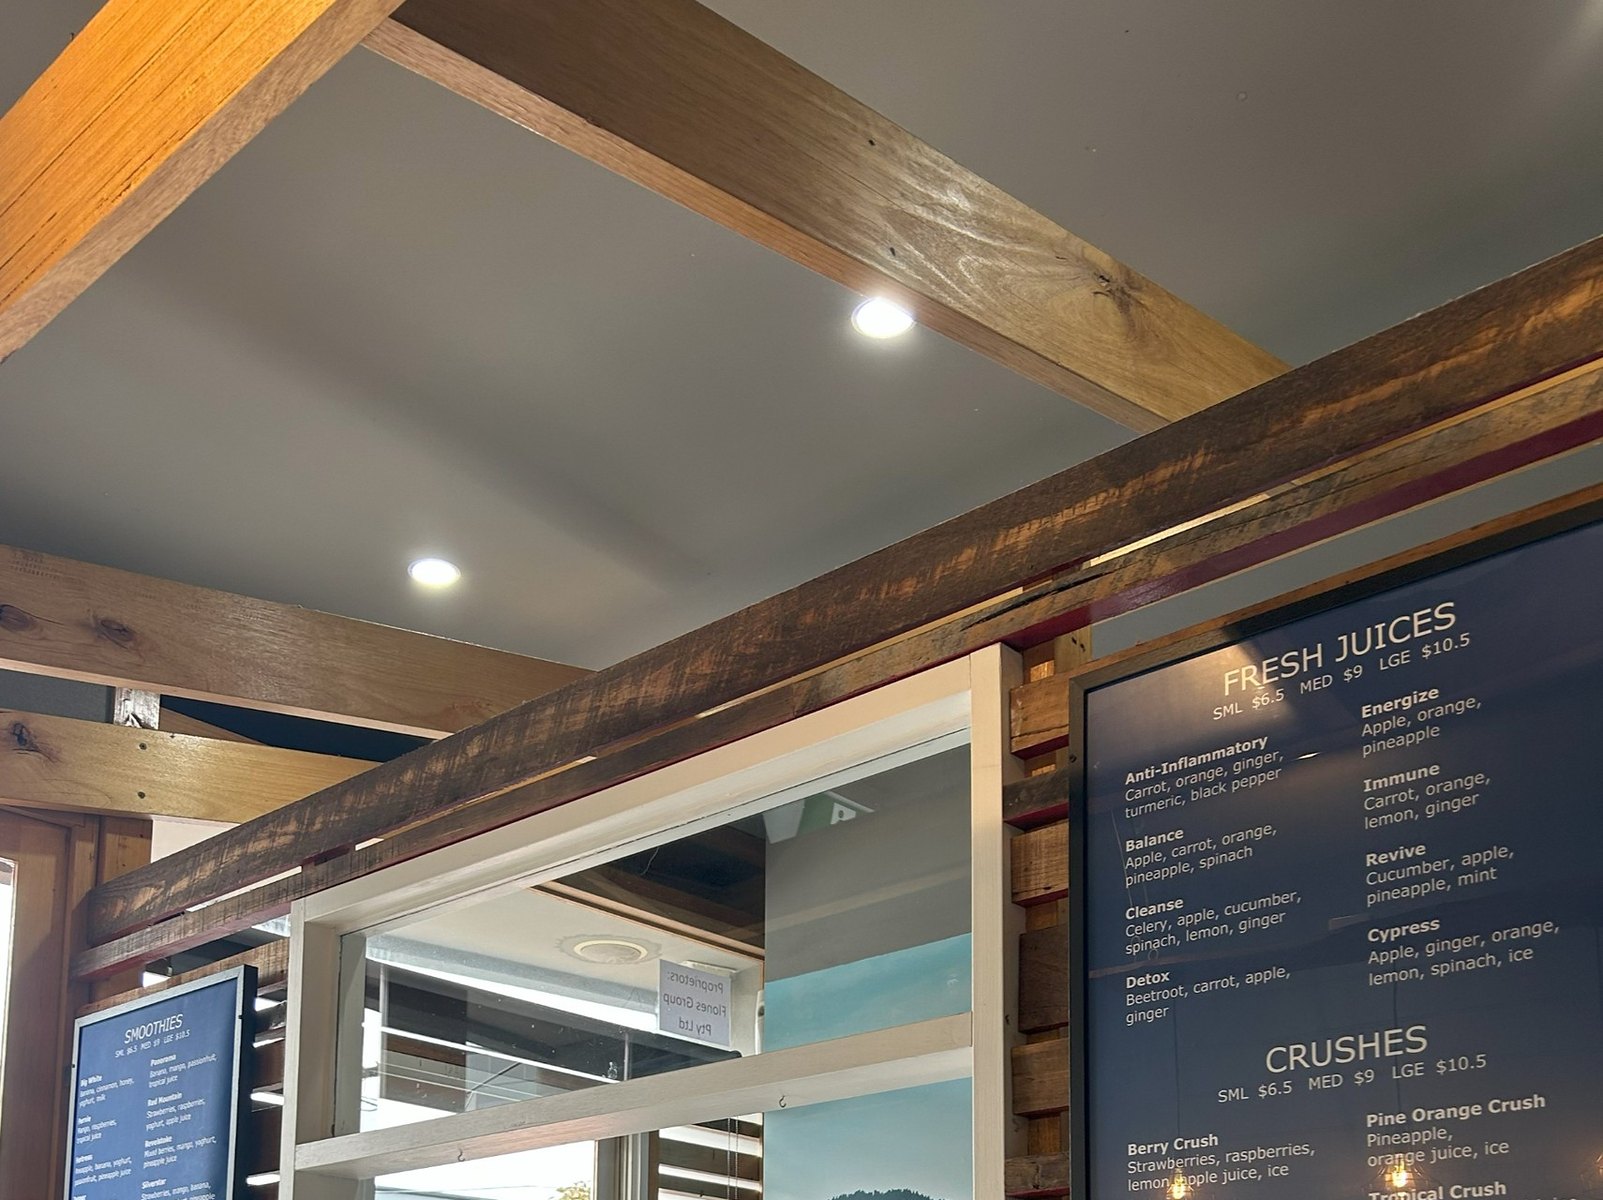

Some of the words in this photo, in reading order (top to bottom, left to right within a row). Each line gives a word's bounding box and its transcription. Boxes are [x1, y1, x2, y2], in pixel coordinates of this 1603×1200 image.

[1225, 644, 1322, 695] FRESH
[1336, 602, 1455, 662] JUICES
[1214, 703, 1242, 720] SML
[1253, 689, 1284, 710] $6.5
[1301, 675, 1332, 693] MED
[1344, 665, 1362, 682] $9
[1380, 650, 1410, 670] LGE
[1422, 633, 1469, 659] $10.5
[1362, 689, 1438, 718] Energize
[1362, 716, 1410, 736] Apple,
[1418, 698, 1481, 721] orange,
[1363, 726, 1439, 758] pineapple
[1125, 737, 1267, 785] Anti-Inflammatory
[1126, 781, 1170, 801] Carrot,
[1176, 767, 1227, 787] orange,
[1233, 752, 1283, 774] ginger,
[1364, 765, 1439, 792] Immune
[1126, 795, 1185, 818] turmeric,
[1191, 782, 1226, 800] black
[1232, 769, 1281, 792] pepper
[1365, 788, 1419, 810] Carrot,
[1426, 774, 1489, 795] orange,
[1365, 810, 1418, 829] lemon,
[1426, 794, 1479, 818] ginger
[1126, 830, 1183, 852] Balance
[1367, 845, 1425, 866] Revive
[1367, 859, 1454, 885] Cucumber,
[1462, 846, 1513, 866] apple,
[1368, 878, 1450, 907] pineapple,
[1459, 867, 1496, 885] mint
[1126, 900, 1183, 919] Cleanse
[1368, 920, 1439, 943] Cypress
[1368, 946, 1418, 965] Apple,
[1426, 935, 1485, 957] ginger,
[1492, 922, 1559, 942] orange,
[1127, 972, 1169, 988] Detox
[1370, 969, 1424, 985] lemon,
[1431, 953, 1501, 976] spinach,
[1509, 949, 1533, 962] ice
[125, 1014, 183, 1043] SMOOTHIES
[1267, 1026, 1427, 1072] CRUSHES
[1219, 1088, 1249, 1102] SML
[1259, 1081, 1291, 1098] $6.5
[1309, 1074, 1342, 1089] MED
[1355, 1070, 1374, 1085] $9
[1393, 1062, 1424, 1078] LGE
[1437, 1054, 1486, 1074] $10.5
[1367, 1113, 1406, 1127] Pine
[1412, 1105, 1482, 1121] Orange
[1489, 1094, 1545, 1113] Crush
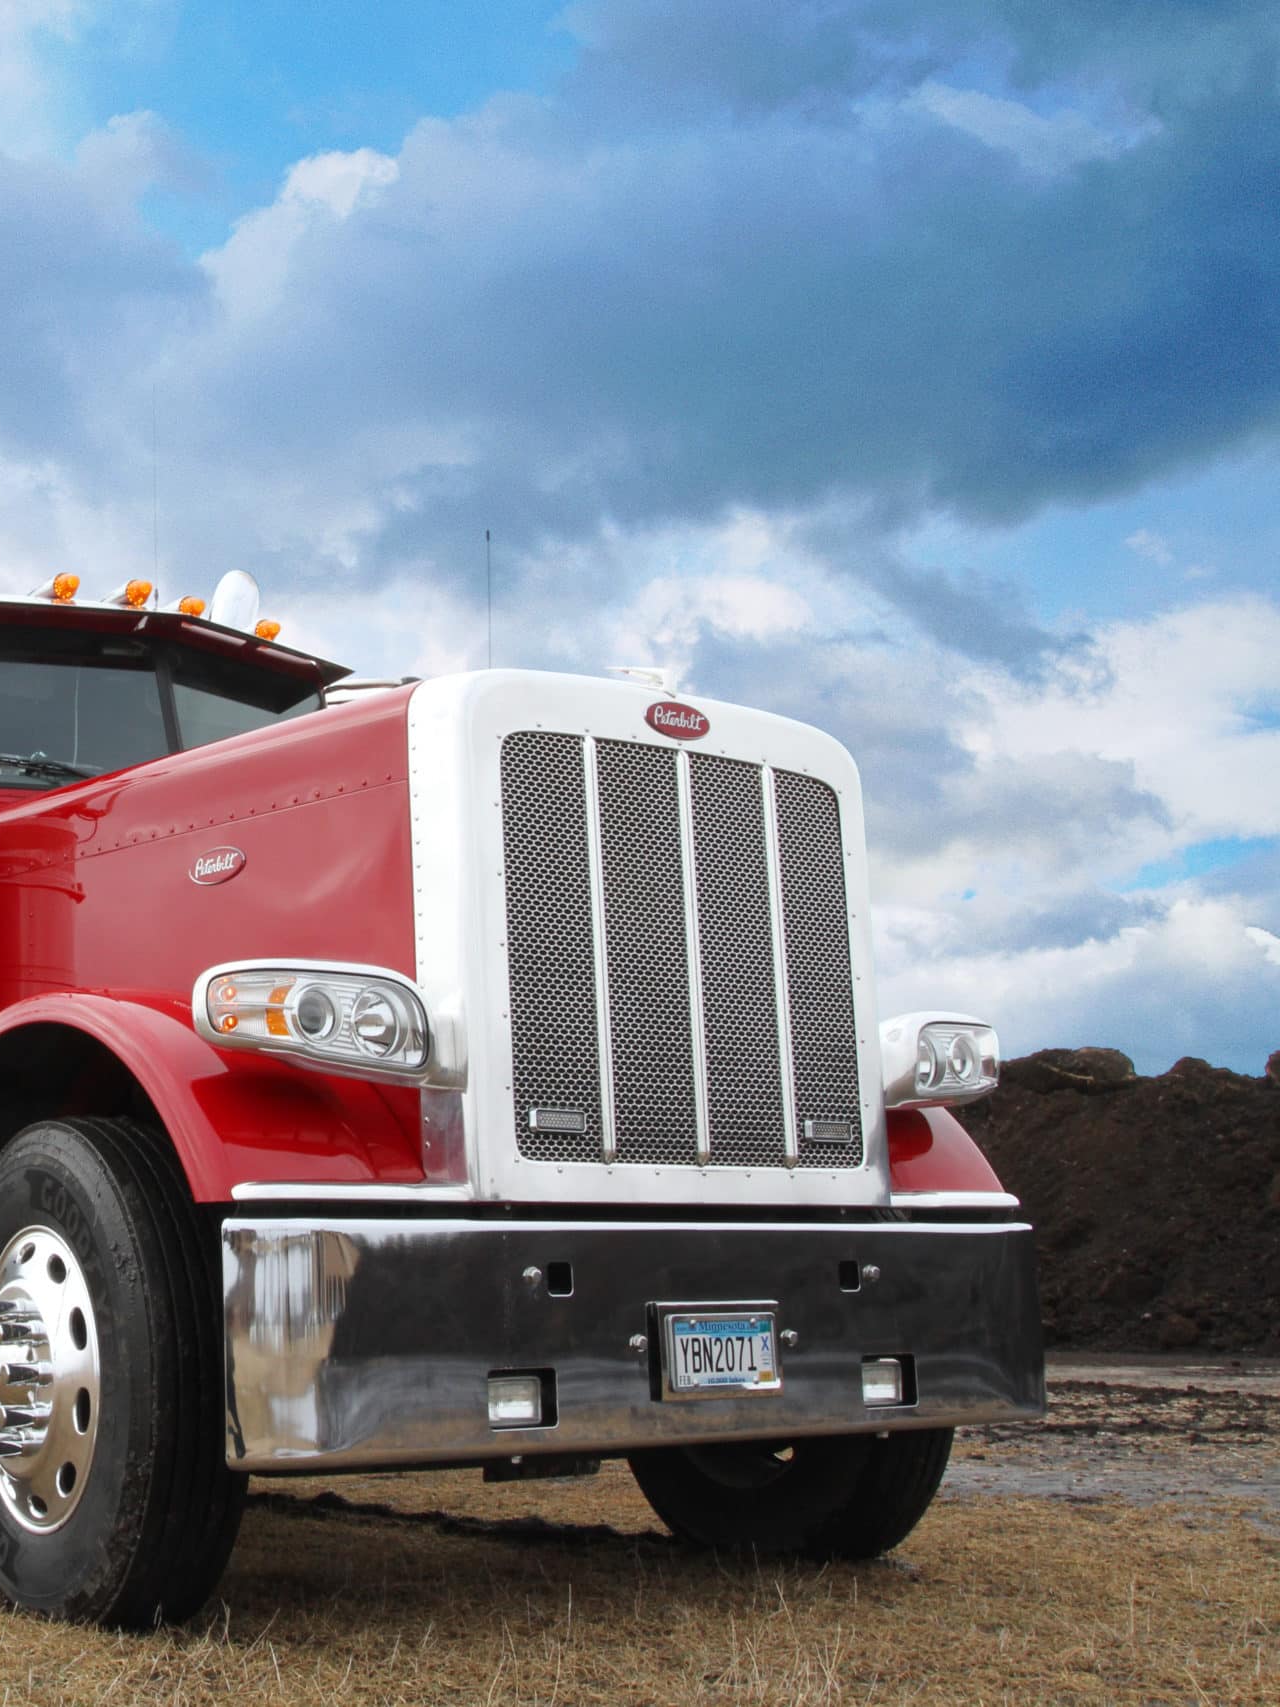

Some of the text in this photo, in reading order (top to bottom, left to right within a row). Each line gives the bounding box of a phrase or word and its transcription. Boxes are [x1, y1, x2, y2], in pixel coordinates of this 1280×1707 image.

[654, 705, 705, 730] Peterbilt
[195, 852, 239, 878] Peterbilt
[698, 1321, 745, 1331] Minnesota
[680, 1335, 758, 1374] YBN2071
[679, 1375, 691, 1386] FEB
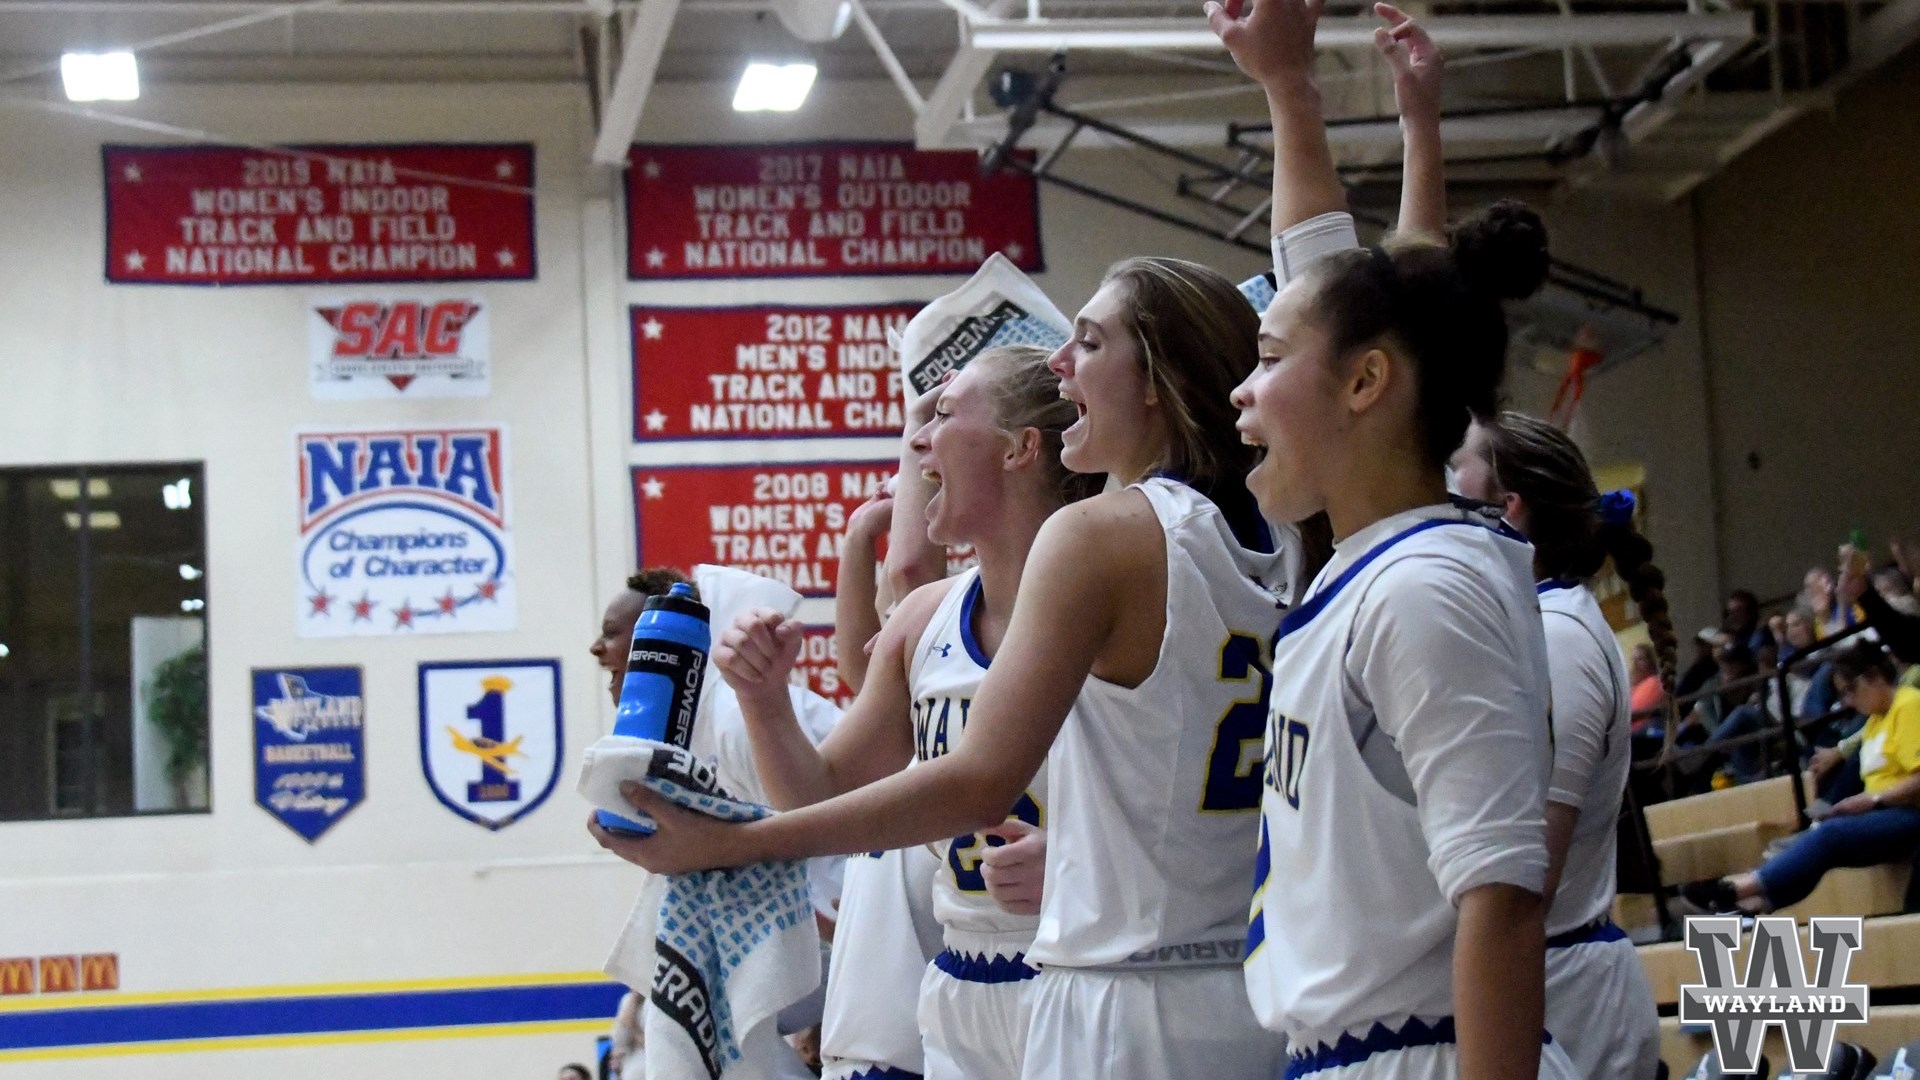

####################

_WHAT THE TASK ASKS_: Write out an exact copy of the lines beginning at the line that contains "Some of the text" and ending at the last line of the listing. Exclude pictures.

_TASK SOLUTION_:
Some of the text in this photo, in reading order (top to bottom, left to right within a row). Each line gives the bounding box of a phrase or word and its transcription. Boxes are [x1, y1, x2, y2], in pixel coordinates of this 1280×1707 image.

[654, 705, 705, 730] Peterbilt
[195, 852, 239, 878] Peterbilt
[698, 1321, 745, 1331] Minnesota
[680, 1335, 758, 1374] YBN2071
[679, 1375, 691, 1386] FEB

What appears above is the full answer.